Joshua

Antoine avait passé le week end à réfléchir aux verres. Il avait fouillé sur le site de la marque à la recherche d'un éventuel jeu concours, demandé à son moteur de recherche si un canular liés aux verres de cantine avait déjà été fait mais non, rien.

Le mystère restait entier et le week-end n'avait pas vraiment été reposant pour Antoine à force de chercher une solution à un problème qui n'aurait pas dû exister. Il n'arriva pas dans une forme olympique le lundi suivant au lycée, il était un peu fiévreux et plus pâle que d'habitude. Sa tignasse brune mal peignée et l'air hagard qu'il traînait ce matin-là commencèrent à lever des questions dans son entourage. Arthur lui demanda si tout allait bien et Estelle lui trouva l'air malade, elle ne souhaita d'ailleurs pas l'approcher de trop près.
  La fatigue était telle qu'Antoine manqua de s'endormir à plusieurs reprises pendant la première heure de cours. Lors de l'interclasse Arthur le secoua un peu.
-Mais enfin qu'est ce que tu as ? T'as mangé ce matin au moins ?
-Pas vraiment non.
-Ben c'est ça ! Tu me dis que t'as pas dormi du week-end mais si en plus t'as pas mangé tu veux t'en sortir comment ? Forcément que t'as une tête de rat écrasé, mec!

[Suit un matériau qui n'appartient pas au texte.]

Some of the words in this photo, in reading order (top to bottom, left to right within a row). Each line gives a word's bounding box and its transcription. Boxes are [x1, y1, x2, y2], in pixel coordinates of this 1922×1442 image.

Antoine se rendit à l'évidence : il avait besoin de manger un peu et de se reprendre, il demanda à son ami de le couvrir tant qu'il pourrait pendant le début du cours de math. Il courut aussi vite qu'il put au rez de chaussée pour s'acheter une barre de céréales et certainement une boisson sucrée.

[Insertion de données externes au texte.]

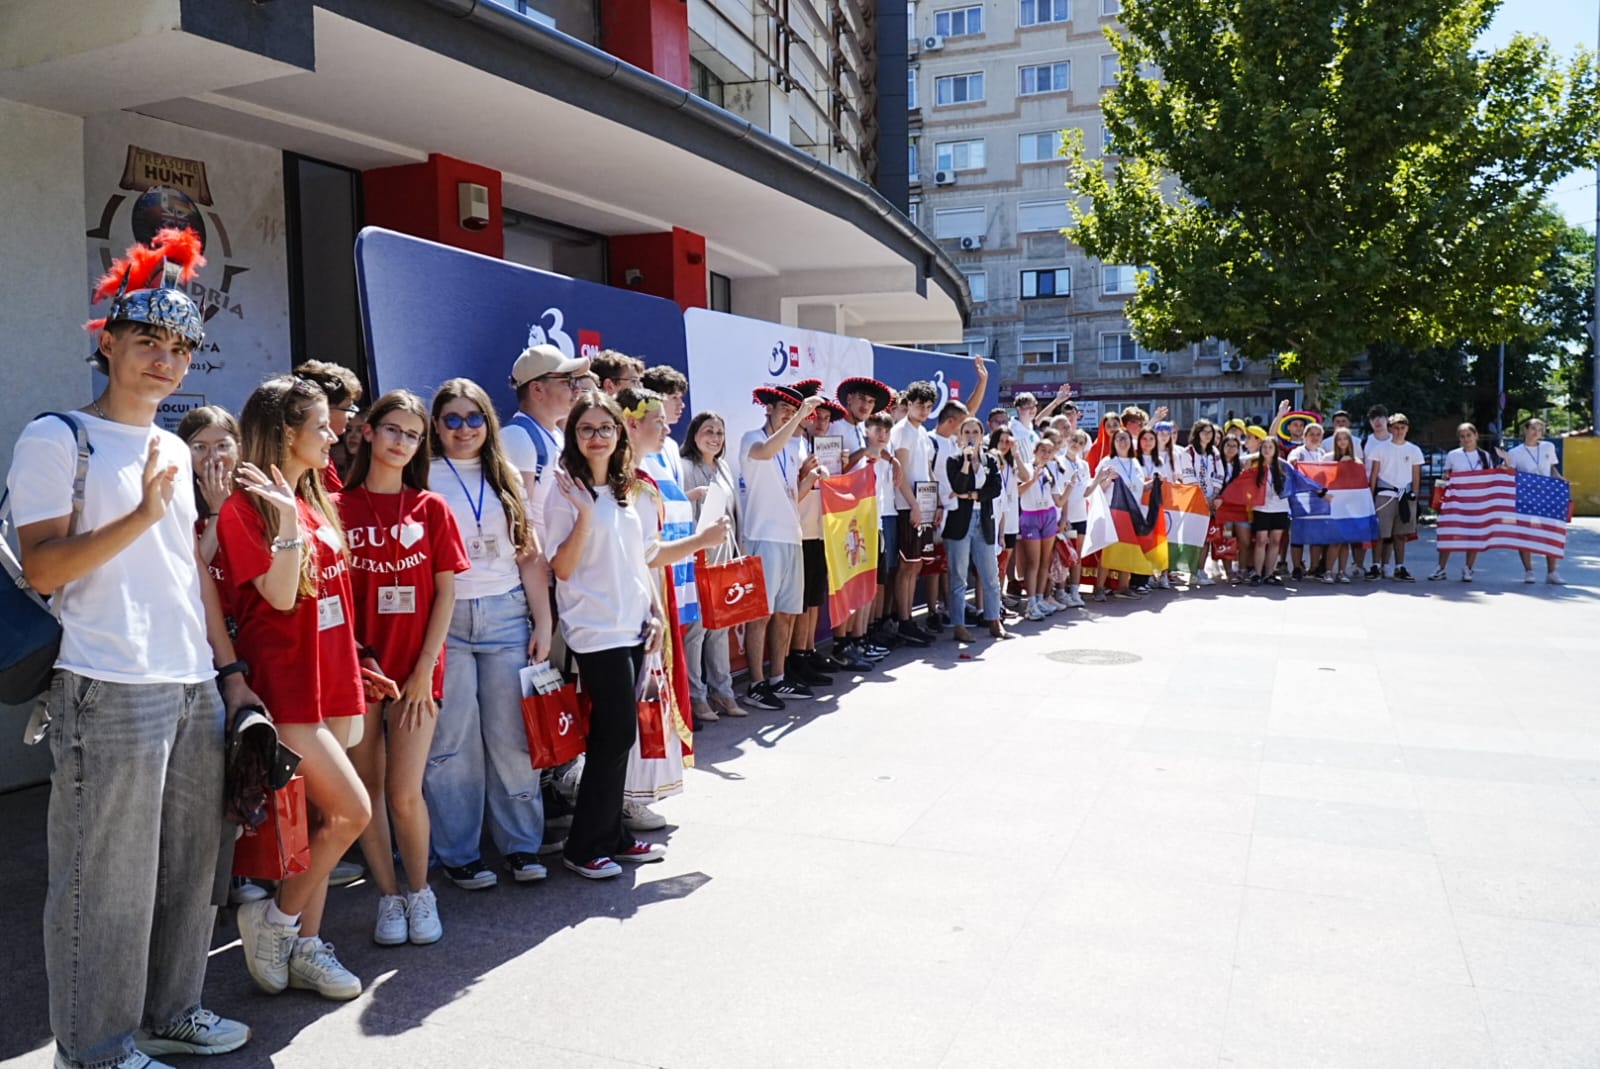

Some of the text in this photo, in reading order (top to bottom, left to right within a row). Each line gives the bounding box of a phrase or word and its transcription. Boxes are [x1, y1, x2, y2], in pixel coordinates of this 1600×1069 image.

[136, 149, 200, 174] TREASURE
[144, 165, 194, 187] HUNT
[347, 526, 387, 549] EU
[352, 551, 427, 573] LEXANDRIA

Le distributeur du lycée était une machine sinistre et capricieuse. Elle n'était pas toujours disposée à donner la friandise souhaitée et si vous tombiez dans un de ses mauvais jours il se pouvait qu'elle décide de garder la monnaie. Ses montants de métal rouillé et sa façade taguée de part en part achevaient de parfaire sa mauvaise réputation. Pourtant elle demeurait en cet instant le dernier recourt d'Antoine.
  Il la supplia en son for intérieur, lui rendit hommage et l'implora silencieusement avant de glisser la pièce dans la fente et de presser le bouton correspondant à une sucrerie avec du chocolat, des cacahuètes et du caramel.
  Un grincement rauque et métallique s'échappa du bandit manchot et il recracha la pièce. Pas bonne. Le brun au teint blafard réitéra l'opération une seconde fois mais la machine ne voulut rien savoir et rendit la pièce à nouveau. Le distributeur vomit l'argent d'Antoine une dernière fois et celui-ci perdit patience.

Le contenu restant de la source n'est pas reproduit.